Figure 2Somatic genetic alterations in complex atypical hyperplasias and primary and metastatic endometrial carcinomas
(a) Number of exonic mutations (top) and SCNAs (middle) detected in each tumor biopsy. PTEN, TP53, and 1q amplification status, histologic subtype, TCGA annotation, and tissue type are indicated on the bottom. (b) Number of mutations (y-axis) against fraction of the genome affected by SCNAs (x-axis) across complex atypical hyperplasias (green), primary lesions from endometrioid endometrial carcinoma (red) and non-endometrioid endometrial carcinoma (blue); primaries from our dataset (squares) and TCGA (dots). (c) Number of mutations detected in the primary tumor compared to their metastatic counterpart. (d) Fraction of the genome affected by SCNAs in metastases (y-axis) relative to paired primaries (x-axis). Circles indicate metastases that exhibit whole-genome doubling not observed in the primary biopsy. (e) Stick plot depicting detected mutations in NRIP1, a cofactor of the estrogen receptor. (f) Impact of indel rescue on the percentage of patients harboring mutations in known driver genes.
Figure 3Heterogeneity among somatic mutations
Fractions of (a) all mutations and (b) driver mutations detected in metastases that were truncal. Lines indicate the mean. (c) The number truncal and branch mutations involving the indicated driver genes. (d) Percentage of mutations that were detected in all paired biopsies in our dataset for frequently mutated driver genes. ARID1A is frequently mutated in the branches of phylogenies. (e) Distribution of cancer cell fraction (CCF) values for each detected mutation in TCGA endometrial samples for the indicated genes. Bars indicate 95% confidence intervals. (f) Distribution of the probability that each mutation detected in TCGA endometrial biopsies is clonal for the indicated genes. Hypermutated samples (> 1,000 mutations) were excluded from (e) and (f)

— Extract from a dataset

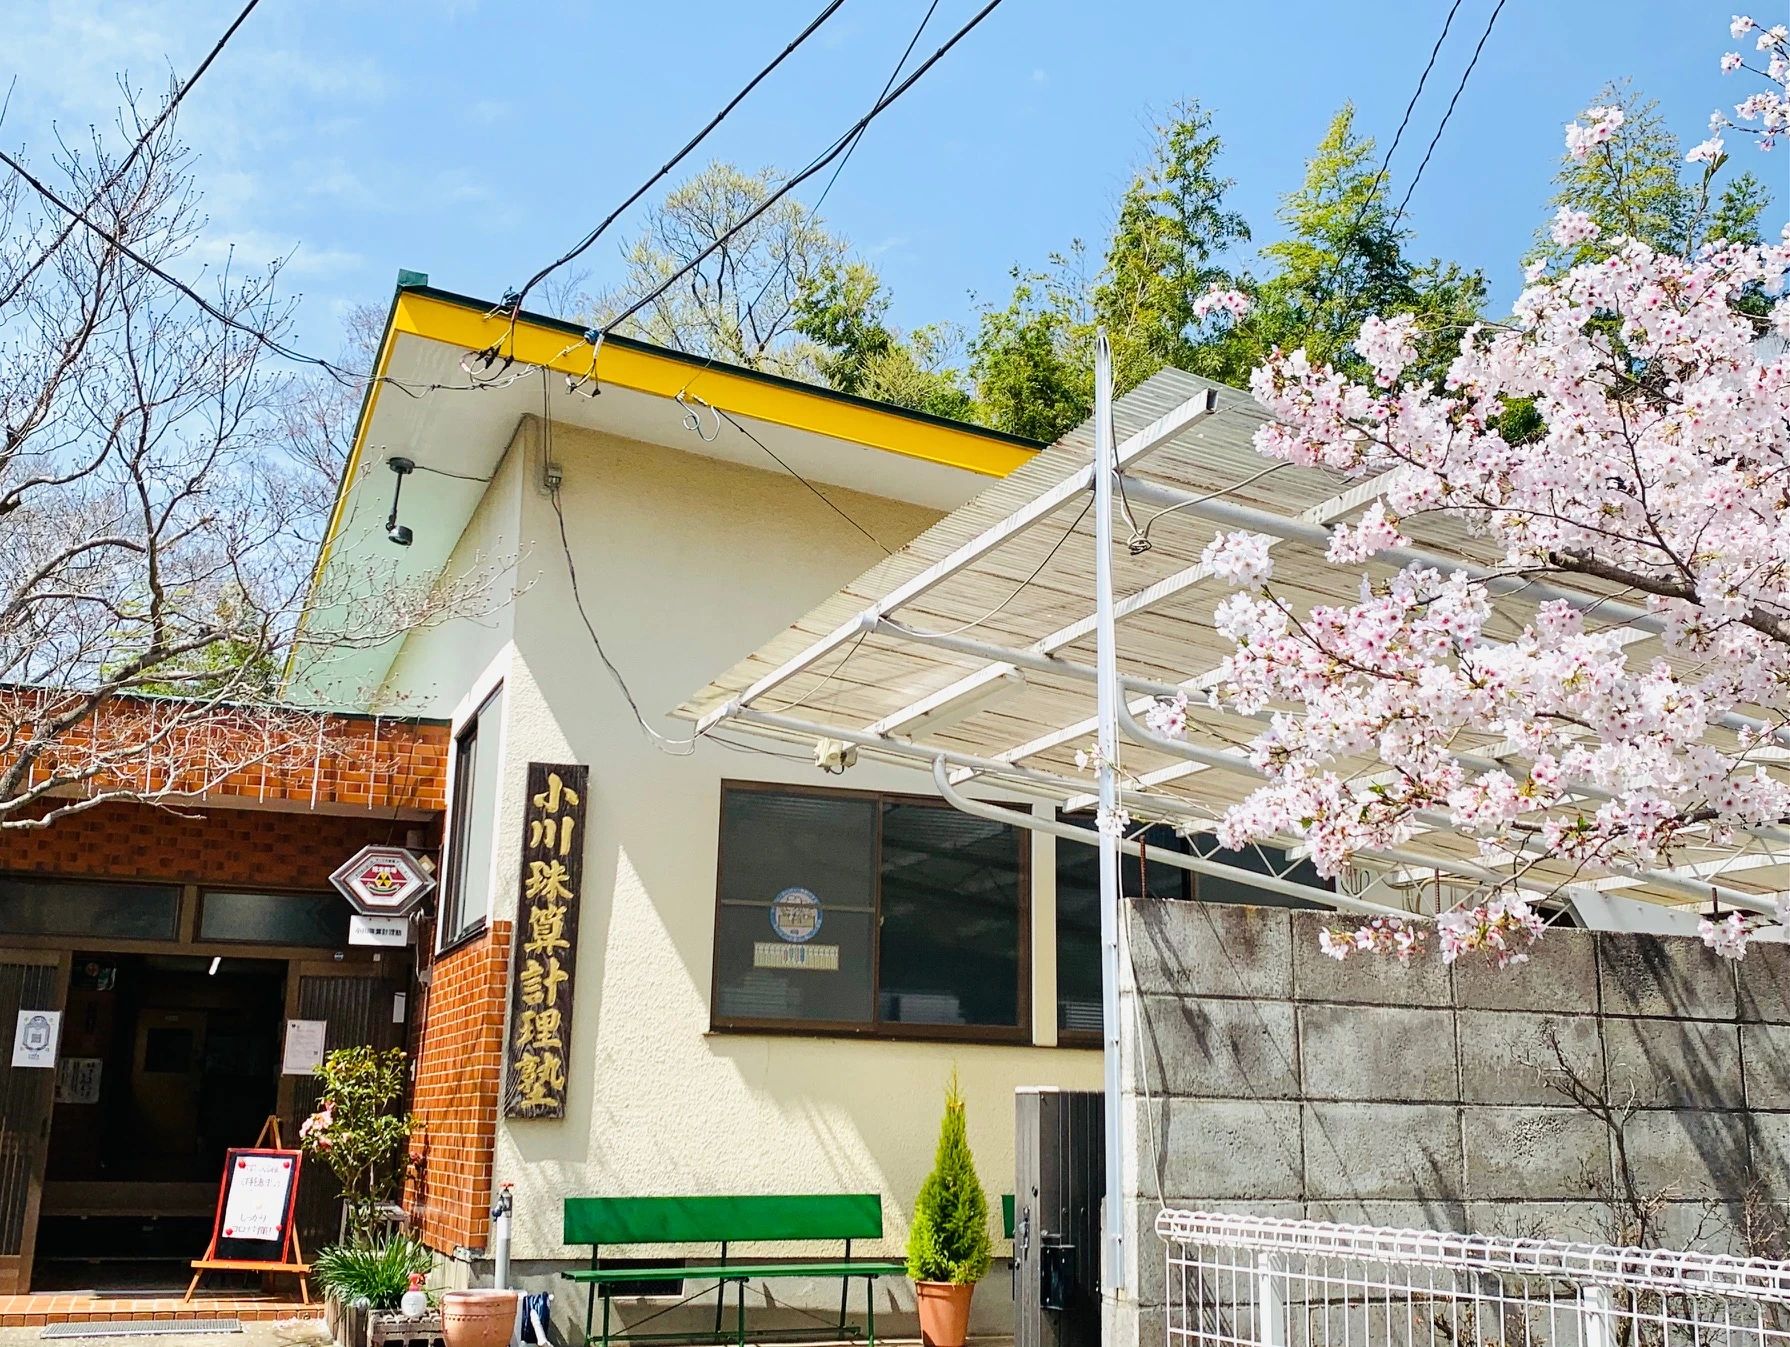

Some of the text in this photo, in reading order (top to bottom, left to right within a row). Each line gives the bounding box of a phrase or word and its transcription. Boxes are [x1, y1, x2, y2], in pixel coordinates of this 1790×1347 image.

Figure 4Phylogenetic trees for tumors with more than one metastasis
(a) The labeled alterations constitute a subset of the alterations that distinguish between the indicated branches. Hash symbols indicate trees that were derived from SNP6.0 array data. (b) 2D phylogenetic illustration comparing subclonal structures between biopsies in patient EC-007. Cancer cell fraction (CCF) probability densities for the mutations supporting the metastasizing subclone (purple) are presented in Supplementary Figure 16. (c) Phylogenetic tree of patient EC-007. A subclone in the biopsy of the primary tumor shared a common ancestor with the two metastases, not detected in the dominant clone of the primary biopsy. Subclone 2 from (b) could be placed in three different phylogenetic locations as indicated by the dotted purple lines.